Lastly, Roxas y Cia. questions the imposition of the real estate dealer's fixed tax upon it, because although it
earned a rental income of P8,000.00 per annum in 1952, said rental income came from Jose Roxas, one of the
partners. Section 194 of the Tax Code, in considering as real estate dealers owners of real estate receiving
rentals of at least P3,000.00 a year, does not provide any qualification as to the persons paying the rentals. The
law, which states: 1wph1.t
. . . "Real estate dealer" includes any person engaged in the business of buying, selling, exchanging,
leasing or renting property on his own account as principal and holding himself out as a full or part-
time dealer in real estate or as an owner of rental property or properties rented or offered to rent for an
aggregate amount of three thousand pesos or more a year: . . . (Emphasis supplied) .
is too clear and explicit to admit construction. The findings of the Court of Tax Appeals or, this point is
sustained.1wph1.t
To Summarize, no deficiency income tax is due for 1953 from Antonio Roxas, Eduardo Roxas and Jose Roxas.
For 1955 they are liable to pay deficiency income tax in the sum of P109.00, P91.00 and P49.00, respectively,
computed as follows: *
ANTONIO ROXAS
Net income per return P315,476.59

Add: 1/3 share, profits in Roxas y Cia.
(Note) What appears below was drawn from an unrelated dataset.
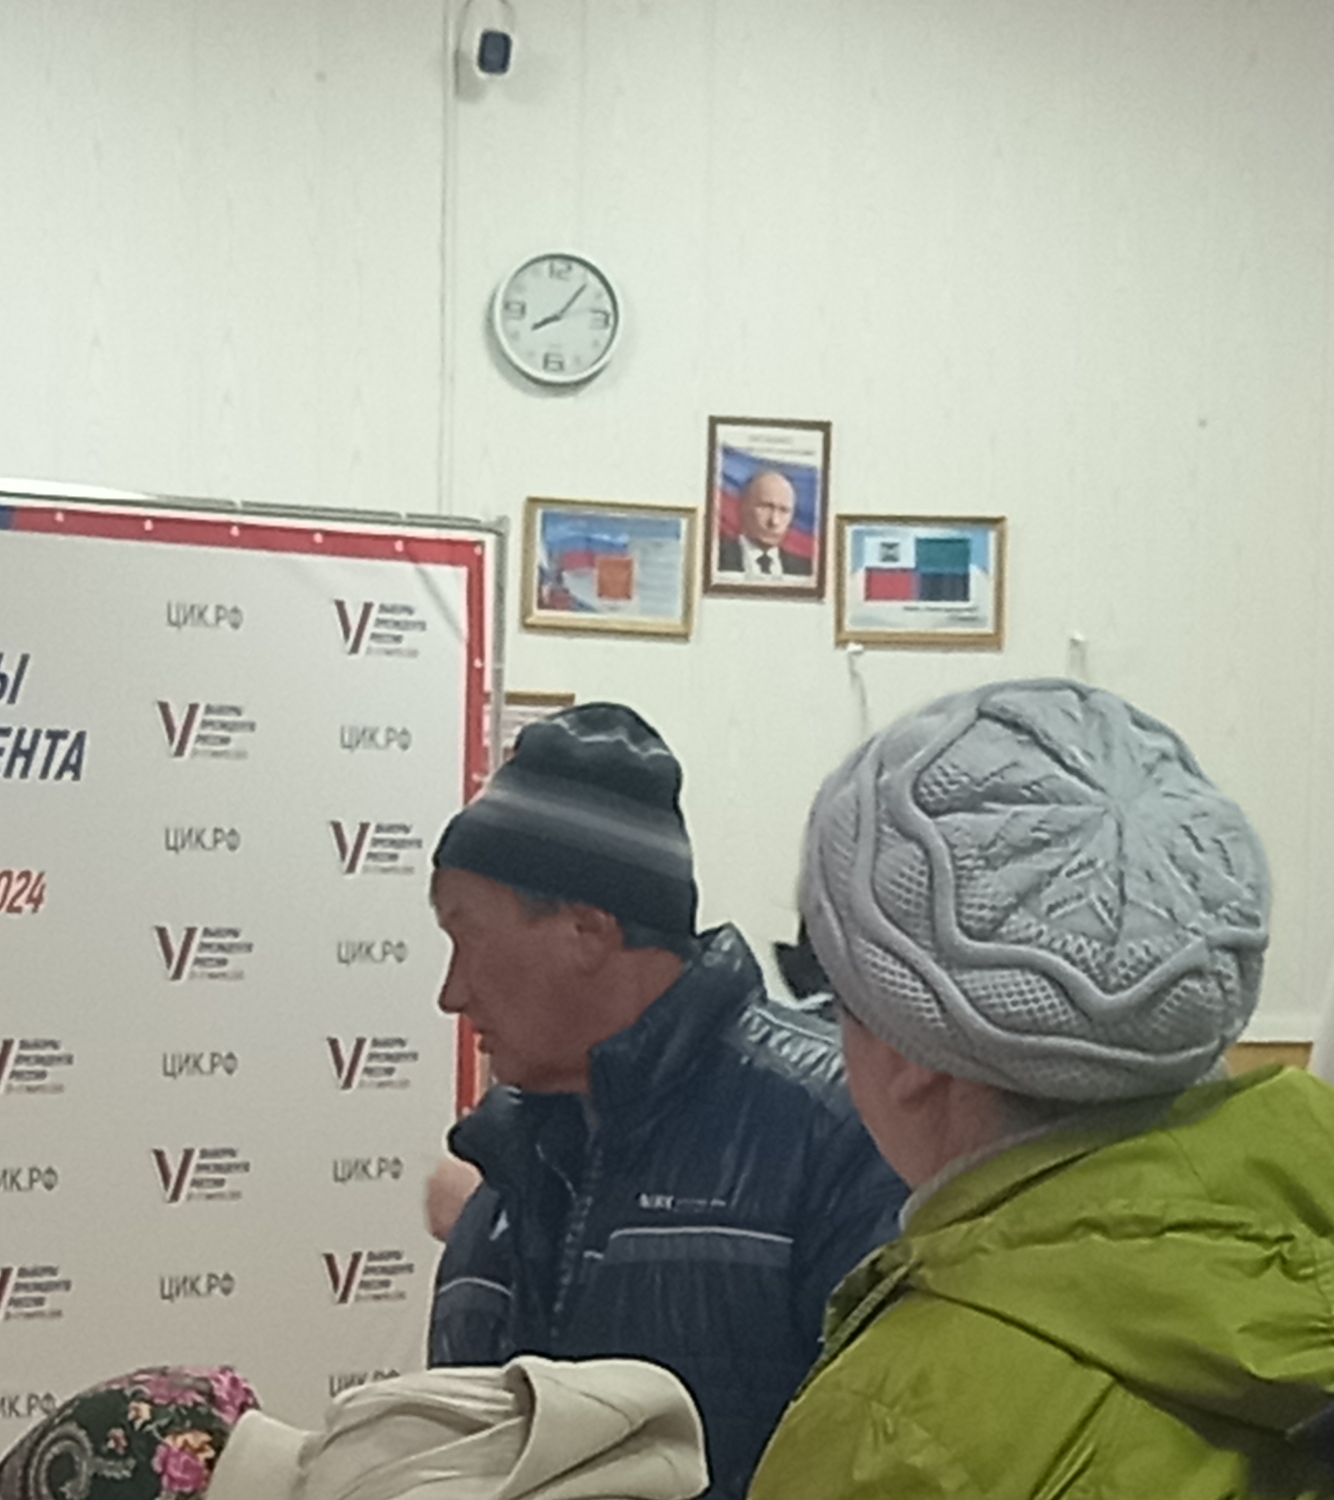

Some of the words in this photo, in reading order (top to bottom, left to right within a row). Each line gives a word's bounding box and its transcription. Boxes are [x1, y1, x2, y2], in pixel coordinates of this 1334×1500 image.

P 153,249.15

Less amount declared 146,135.46

Amount understated P 7,113.69

Contributions disallowed 115.00

P 7,228.69

Less 1/3 share of contributions amounting to P21,126.06


disallowed from partnership but allowed to partners 7,042.02 186.67

Net income per review P315,663.26

Less: Exemptions 4,200.00

Net taxable income P311,463.26

Tax due 154,169.00

Tax paid 154,060.00

Deficiency P 109.00
==========

EDUARDO ROXAS

P
Net income per return
304,166.92

Add: 1/3 share, profits in Roxas y Cia P 153,249.15

Less profits declared 146,052.58

Amount understated P 7,196.57

Less 1/3 share in contributions amounting to P21,126.06


disallowed from partnership but allowed to partners 7,042.02 155.55

Net income per review P304,322.47

Less: Exemptions 4,800.00

Net taxable income P299,592.47


Tax Due P147,250.00

Tax paid 147,159.00

Deficiency P91.00
===========

JOSE ROXAS

Net income per return P222,681.76

Add: 1/3 share, profits in Roxas y Cia. P153,429.15

Less amount reported 146,135.46

Amount understated 7,113.69

Less 1/3 share of contributions disallowed from


partnership but allowed as deductions to partners 7,042.02 71.67

Net income per review P222,753.43

Less: Exemption 1,800.00

Net income subject to tax P220,953.43

Tax due P102,763.00

Tax paid 102,714.00

Deficiency P 49.00
===========

WHEREFORE, the decision appealed from is modified. Roxas y Cia. is hereby ordered to pay the sum of P150.00
as real estate dealer's fixed tax for 1952, and Antonio Roxas, Eduardo Roxas and Jose Roxas are ordered to pay
the respective sums of P109.00, P91.00 and P49.00 as their individual deficiency income tax all corresponding
for the year 1955. No costs. So ordered.